4.2. Stability Enhancements

Several approaches have been shown to improve the stability of nanofluids successfully. These methods are subdivided into two main categories, which are in the form of physical and chemical routes. The physical approach involves the employment of high energy forces such as ultrasonication, magnetic stirring, homogenizer (or probe sonicator), or even ball milling, which is rarely reported [117,175]. Figure 14 shows the four previous physical stability methods. Unlike the ultrasonication and homogenization methods, the magnetic stirring approach is considered as the most basic route that can be applied to break-down clusters of nanoparticles, within the suspension, with very low performance effectiveness when compared to the other two physical methods [176]. Furthermore, in the literature [177], high pressure homogenization was shown to provide better stability characteristics than ultrasonication to the as-produced nanofluids. In addition, the mixing duration and intensity used in the sonicator device were commonly seen to vary from one research work to another in an attempt to physically stabilize the nanofluid. A good explanation for the aforementioned method is that the mixing power cannot be maintained constant throughout the process due to the voltage fluctuation that the device experienced. Therefore, Yu et al. [178] suggested relying on the relation between the suspension absorption spectra against the total energy supplied to the mixture as a relative solution to the sonication time.

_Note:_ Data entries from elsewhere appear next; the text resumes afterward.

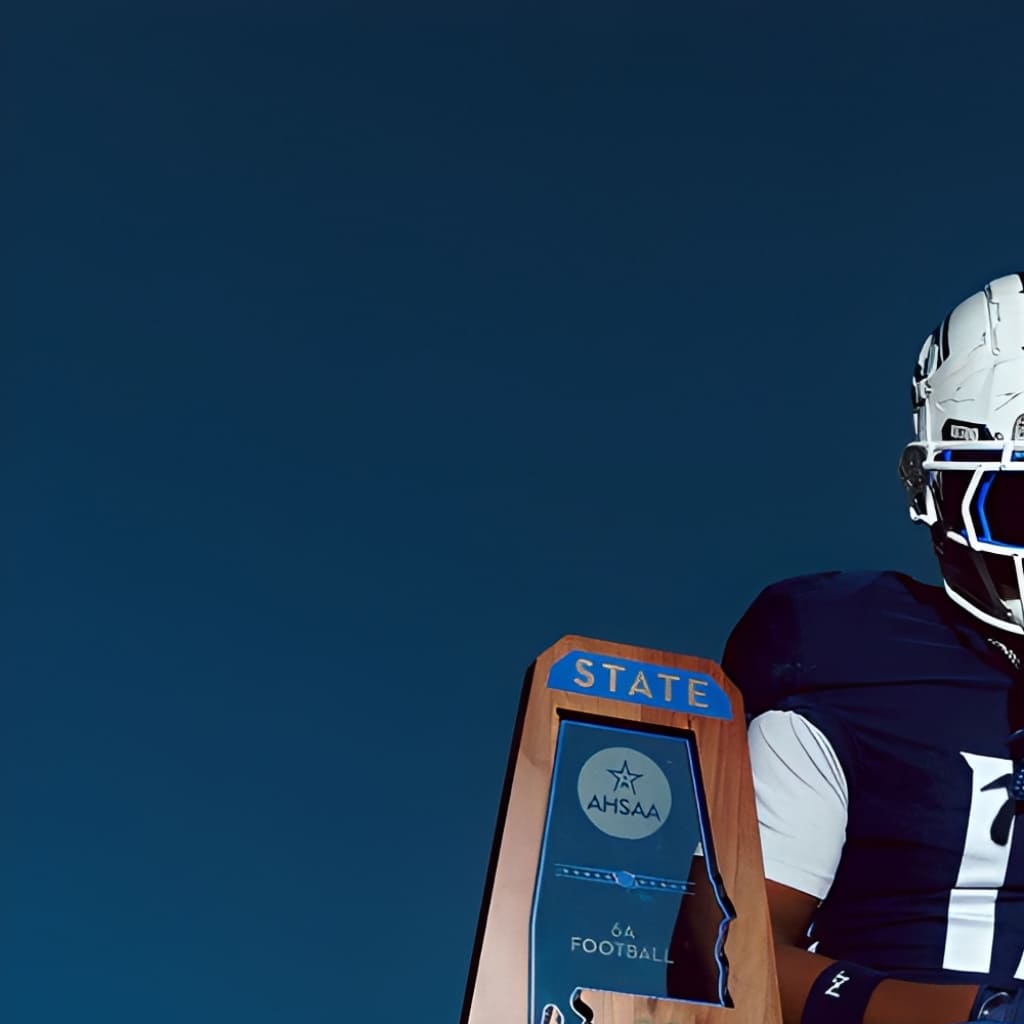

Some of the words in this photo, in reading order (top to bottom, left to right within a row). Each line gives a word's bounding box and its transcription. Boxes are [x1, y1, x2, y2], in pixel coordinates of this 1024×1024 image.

[573, 658, 709, 708] STATE
[587, 795, 662, 821] AHSAA
[571, 936, 675, 965] FOOTBALL
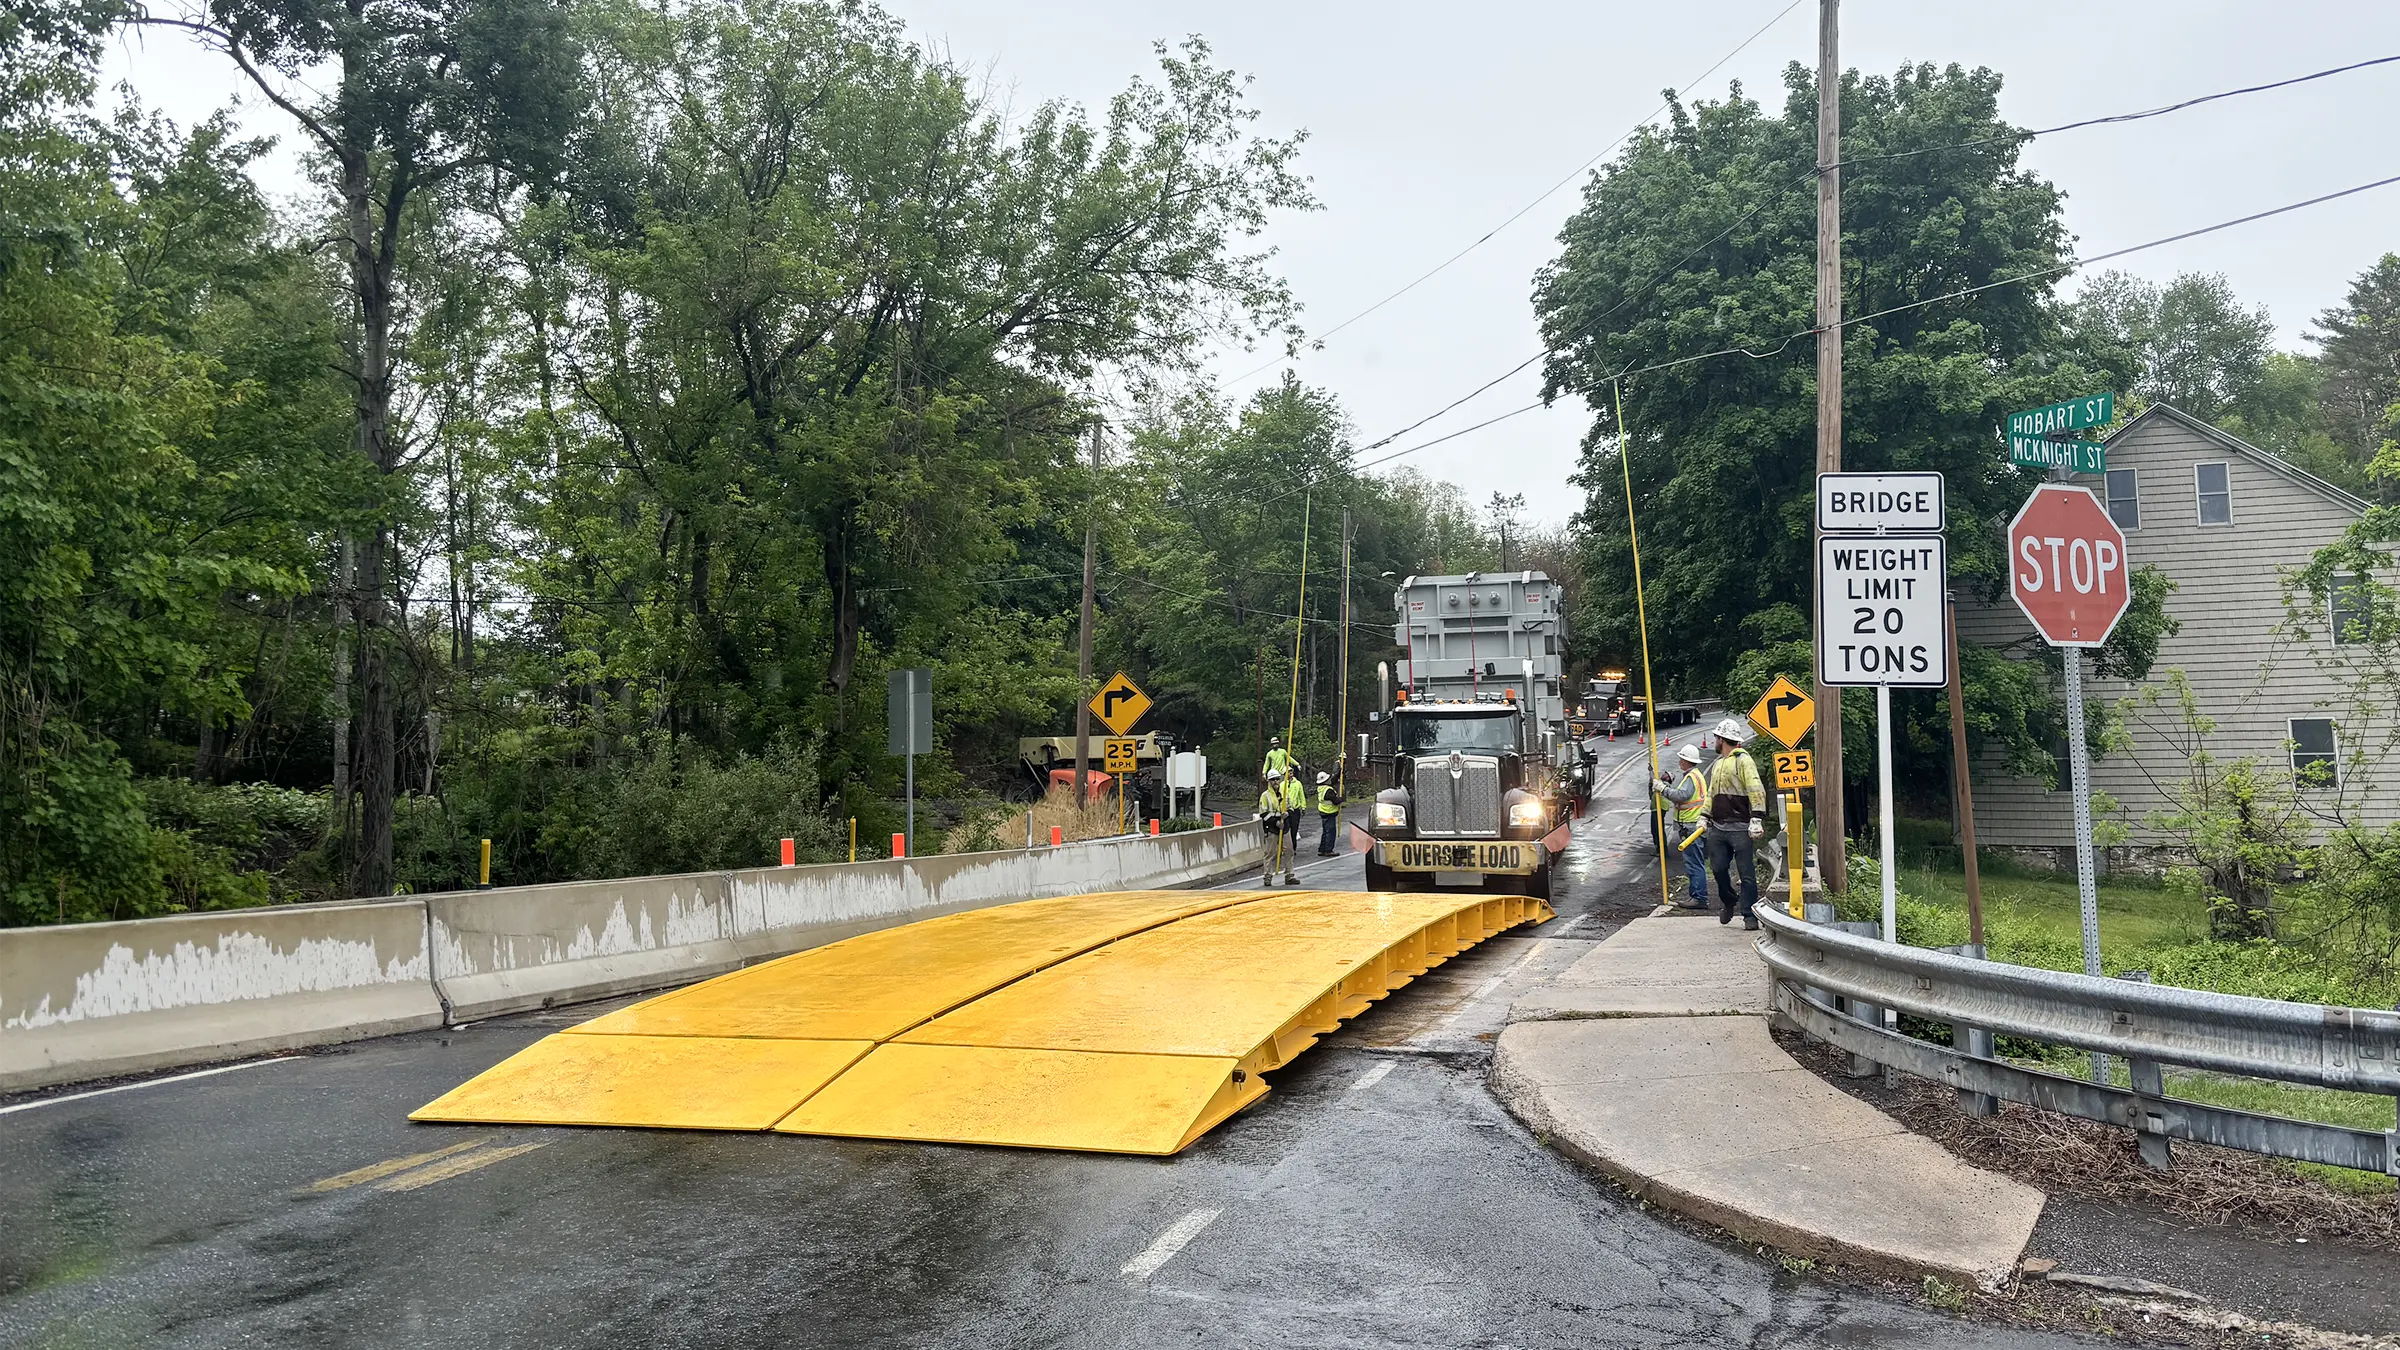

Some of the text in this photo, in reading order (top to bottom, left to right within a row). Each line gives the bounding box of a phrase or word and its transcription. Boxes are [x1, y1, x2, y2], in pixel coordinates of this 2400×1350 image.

[2013, 398, 2105, 435] HOBART ST
[2013, 436, 2102, 470] MCKNIGHT ST
[1831, 491, 1930, 513] BRIDGE
[1833, 549, 1933, 571] WEIGHT
[2019, 535, 2119, 594] STOP
[1847, 578, 1916, 600] LIMIT
[1853, 607, 1904, 634] 20
[1839, 645, 1929, 673] TONS
[1108, 744, 1134, 759] 25
[1778, 756, 1809, 773] 25
[1783, 776, 1810, 784] M.P.H.
[1480, 845, 1520, 869] LOAD

On the other hand, the chemical route stabilizes the suspension by declustering the agglomerated nanoparticles by alternating the pH value of the base fluid or the mixture, adding surfactant(s) to the solid–liquid matrix, or modifying the surface of the nanoparticles. Nanofluids pH alteration affects the level of free cations or anions charges in the media surrounding the dispersed particles, and hence the hydrophilicity or hydrophobicity nature of the particles changes causing the colloidal to either stabilize or destabilize [179,180]. The disadvantage of the previous method is that fabricating suspensions of high or low pH values may be corrosive for high heat flux applications. In addition, surfactants are essential when dispersing nanomaterials of hydrophobic nature (e.g., CNTs and graphene) in a polar base fluid (e.g., water), and vice versa [181,182]. This is because the added surfactant would act as a bridge between the nanoparticles and the hosting fluid, and therefore would improve the dispersion stability of the particles through increasing the repulsive force between the particles themselves and reducing the interfacial tension between the base fluid and the hosted particles. Surfactants are categorized based on their head group charge as cationic, non-ionic, anionic, and amphoteric.

Table 3. Examples of surfactants used in nanofluids fabrication categorized by classifications based on their head group charge.

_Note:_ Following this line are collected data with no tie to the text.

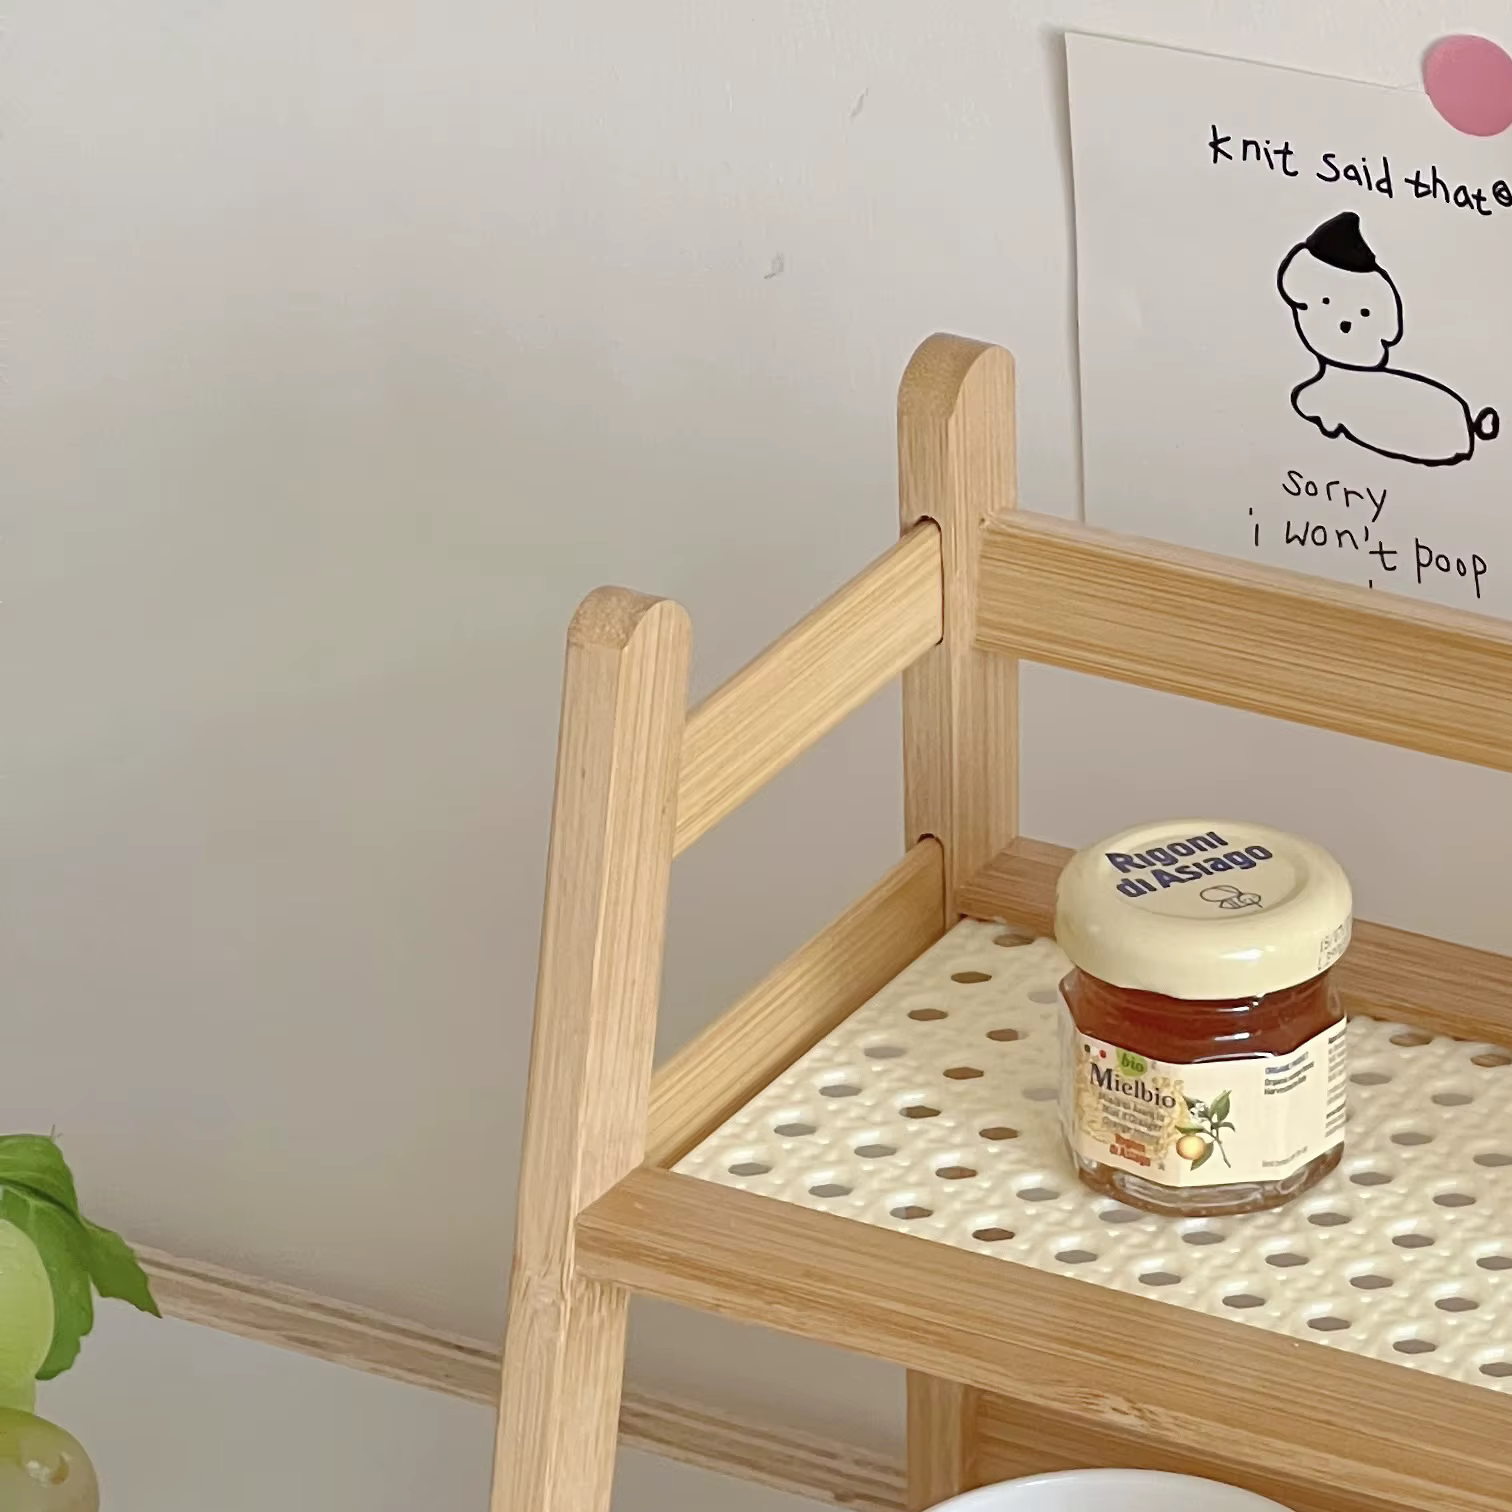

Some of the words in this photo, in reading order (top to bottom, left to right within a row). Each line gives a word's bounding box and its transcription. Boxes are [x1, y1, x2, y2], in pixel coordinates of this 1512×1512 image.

[1208, 124, 1300, 178] knit
[1285, 520, 1398, 572] won't
[1415, 537, 1488, 599] poop
[1105, 831, 1229, 873] Rigoni
[1116, 878, 1157, 897] di
[1150, 845, 1273, 888] Asiago
[1089, 1062, 1177, 1109] Mielbio
[1120, 1052, 1145, 1073] bio

Surfactant Classification	Head Group Charge	Example(s)
Cationic	+ve	Cetyltrimethyl ammonium bromide (CTAB), distearyl dimethyl ammonium chloride (DSDMAC), and benzalkonium chloride (BAC).
Non-ionic	neutral or uncharged	Oleic acid, polyvinylpyrrolidone (PVP), Arabic gum (AG), Tween 80, and oleylamine.
Anionic	−ve	Sodium dodecyl benzenesulfonate (SDBS), and SDS.
Amphoteric	+ve and −ve	lecithin.

shows some of the surfactants used in the nanofluids preparation process according to their head group charge [118].

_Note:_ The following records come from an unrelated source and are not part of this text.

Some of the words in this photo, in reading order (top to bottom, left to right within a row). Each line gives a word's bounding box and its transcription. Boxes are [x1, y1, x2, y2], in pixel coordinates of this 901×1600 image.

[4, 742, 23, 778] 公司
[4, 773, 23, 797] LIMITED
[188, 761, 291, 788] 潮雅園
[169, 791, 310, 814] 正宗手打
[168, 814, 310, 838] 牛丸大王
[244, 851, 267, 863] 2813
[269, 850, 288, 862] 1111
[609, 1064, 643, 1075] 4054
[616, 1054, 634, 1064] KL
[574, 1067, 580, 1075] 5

The downside from using surfactants is that the nanofluid becomes more viscous; starts to generate foam when being heated or cooled down; can be lost at high temperatures, and would reduce the overall thermal conductivity of the suspension. As for the nanoparticles surface modification technique, the particles are either initially functionalized (before the dispersion process), or the functionalized materials themselves are added to the colloidal (where they get grafted to the surface of the segregated particles), and therefore forming a new particle surface exposure to the hosting base fluid [183,184]. The drawback of using functionalized materials as stabilizers is that they tend to reduce the overall thermal conductivity of the produced nanofluid due to having a significantly lower thermal conductivity than the dispersed nanoparticles. Figure 15 recaps all of the nanofluid stability improvement methods that were mentioned earlier in this section.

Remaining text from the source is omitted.